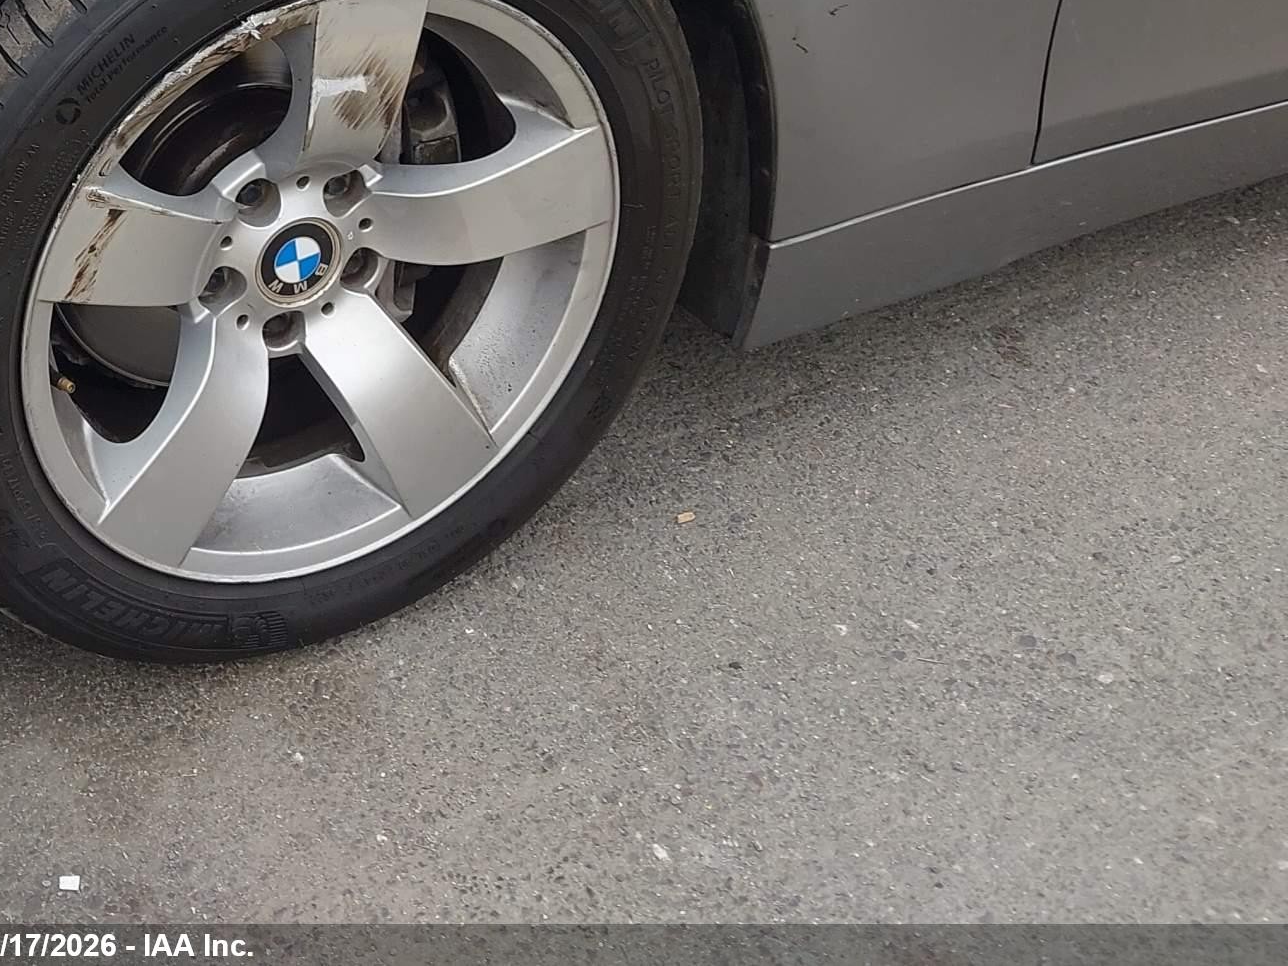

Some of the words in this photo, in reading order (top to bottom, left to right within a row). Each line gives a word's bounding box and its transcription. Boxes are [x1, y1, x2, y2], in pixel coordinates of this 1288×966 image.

[76, 32, 136, 96] MICHELIN
[640, 57, 676, 116] PILOT
[663, 125, 682, 202] SPORT
[268, 262, 328, 294] BMW
[41, 566, 222, 644] MICHELIN

- EXERCISE GOAL: From the entries above, write out every line without a single change, skipping the images.

- TASK SOLUTION:
Some of the words in this photo, in reading order (top to bottom, left to right within a row). Each line gives a word's bounding box and its transcription. Boxes are [x1, y1, x2, y2], in pixel coordinates of this 1288×966 image.

[76, 32, 136, 96] MICHELIN
[640, 57, 676, 116] PILOT
[663, 125, 682, 202] SPORT
[268, 262, 328, 294] BMW
[41, 566, 222, 644] MICHELIN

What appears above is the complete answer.